Edit: This construction gives the zero ring, as Pace Nielsen pointed out, so it's not a valid answer.

Given any ring $S$, let $A(S) = S \setminus \{1\}$. Let $R_0 = \mathbb{Z}/2[x]$, let $V_0 = \{\theta_{a, 0} \mid a \in A(R_0)\}$ be a set of new variables, and let $K_0 = (a\theta_{a, 0}, \theta_{a, 0} a \mid a \in A(R_0))$ be the ideal generated by $a \theta_{a, 0}$ and $\theta_{a, 0} a$ (for all $a \in A(R_0)$) in the free (non-commutative!) algebra $R_0\langle A(V_0) \rangle$. The ring $R_1 = R_0\langle V_0 \rangle/K_0$ has three key properties:

  • the inclusion $R_0 \hookrightarrow R_0\langle V_0 \rangle$ extends to an inclusion $R_0 \hookrightarrow R_1$, since $a - b \notin K_0$ for any $a, b \in R_0$, so we can consider $R_0$ a subset of $R_1$;
  • every element of $R_0$ that is not $1$ becomes a zero-divisor in $R_1$, since $a \theta_{a, 0} = 0$ in $R_1$;
  • $R_1$ is strictly non-commutative, since for example $\theta_{x, 0} \theta_{x^2, 0} \neq \theta_{x^2, 0}\theta_{x, 0}$ for the two elements $x, x^2 \in R_0 = \mathbb{Z}/2[x]$.

Now repeat this construction: given $R_n$, set $R_{n+1} = R_n\langle V_n \rangle/K_n$ where $V_n = \{\theta_{a, n} \mid a \in A(R_n)\}$ is a set of new variables and $K_n = (a\theta_{a, n}, \theta_{a, n} a \mid a \in A(R_n))$ is the ideal that allows us to turn every $a \in A(R_n)$ into a zero-divisor. The three properties above hold with $0$ and $1$ replaced by $n$ and $n+1$ (for strict non-commutativity, it is enough to take two different elements of $R_n$ and their corresponding variables will not commute).

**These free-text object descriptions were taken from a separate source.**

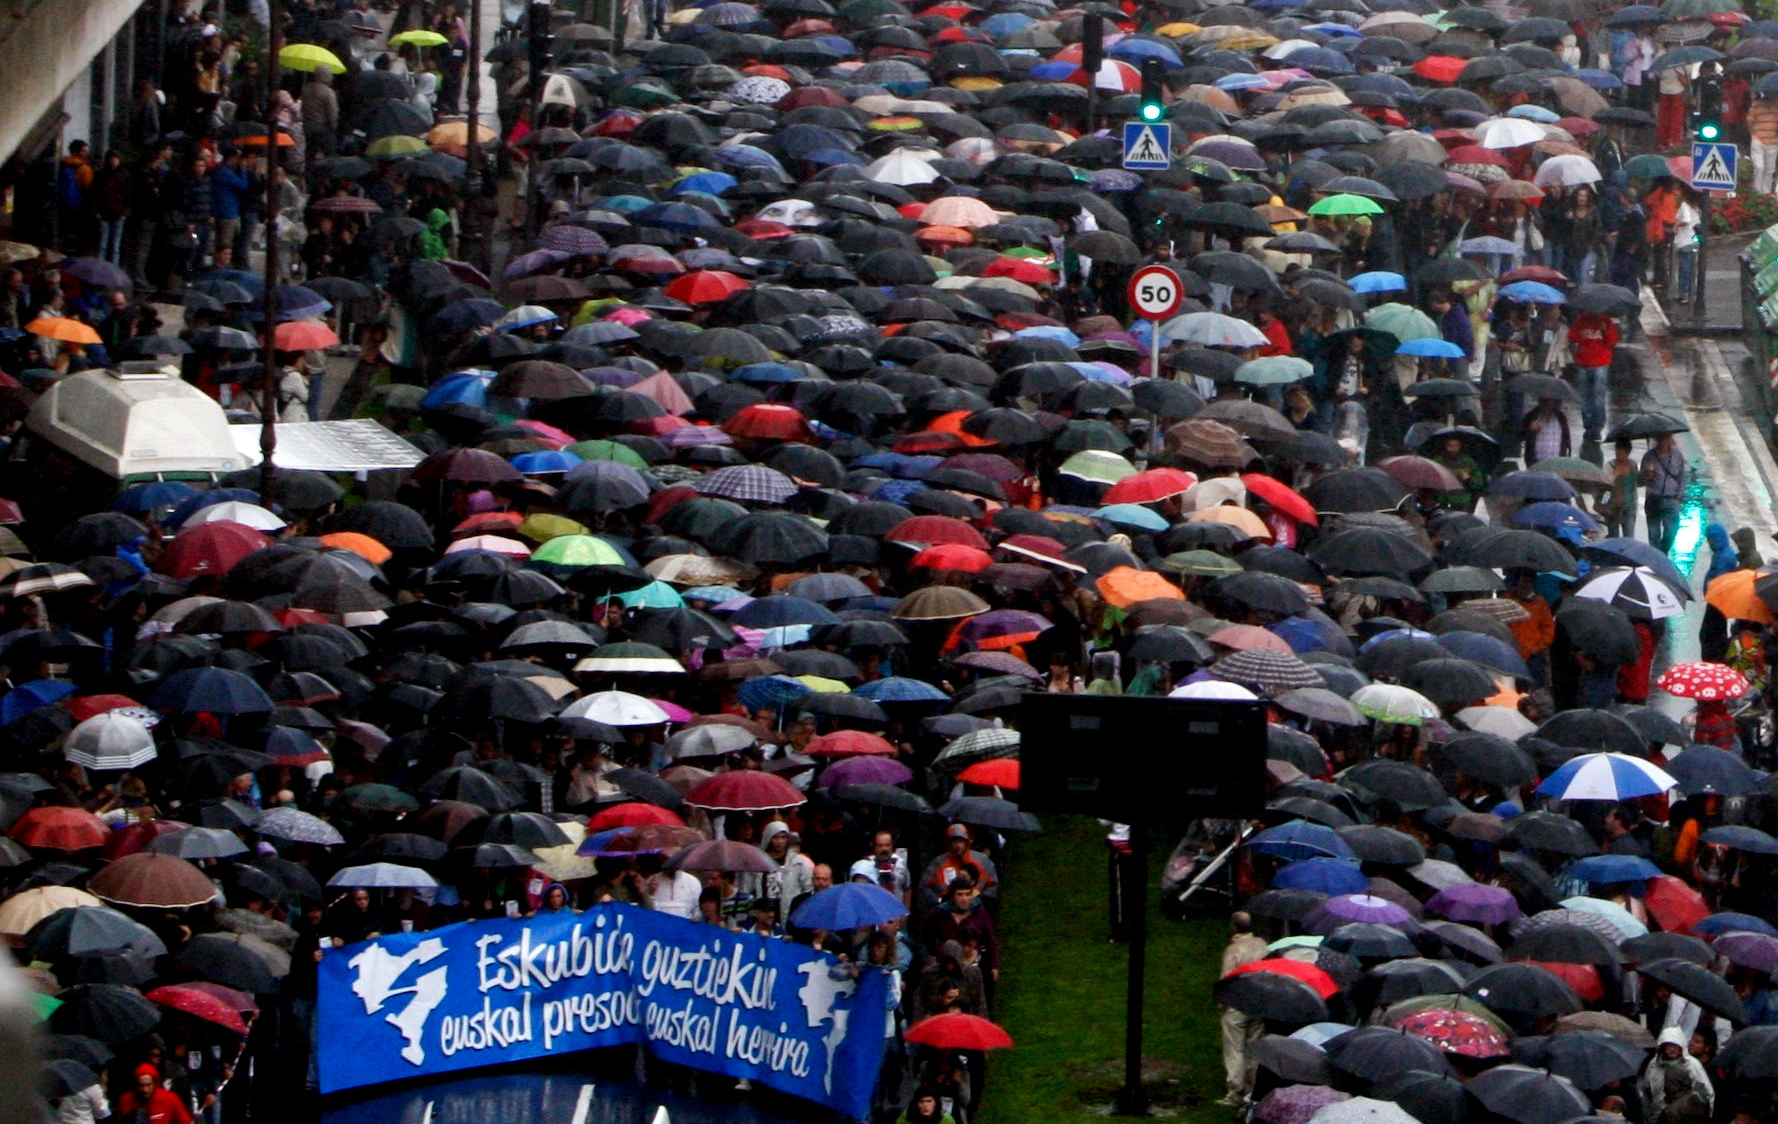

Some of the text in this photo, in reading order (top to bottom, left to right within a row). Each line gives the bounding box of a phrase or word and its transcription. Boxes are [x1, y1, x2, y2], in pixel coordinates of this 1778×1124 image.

[1141, 285, 1171, 303] 50
[637, 939, 777, 1011] guztiekin
[441, 991, 532, 1056] euskal
[646, 998, 721, 1055] euskal
[726, 1008, 809, 1077] herrira

Finally, set $R = \bigcup_{n = 0}^\infty R_n$. Addition and multiplication are given by passing to the larger $R_n$ and $1 \in R_0$ is the unit. By construction each $x \in R$, except $1$, is a zero-divisor since $x \in R_n$ for a minimal $n$ is killed by $\theta_{x, n} \in R_{n+1}$ and so $x \theta_{x, n} = 0$ in $R$. Clearly $R$ is also non-commutative.

There is nothing special about the choice of $R_0$, I just needed a ring which had only one unit and at least two distinct non-unit elements to ensure that $R_1$ was non-commutative.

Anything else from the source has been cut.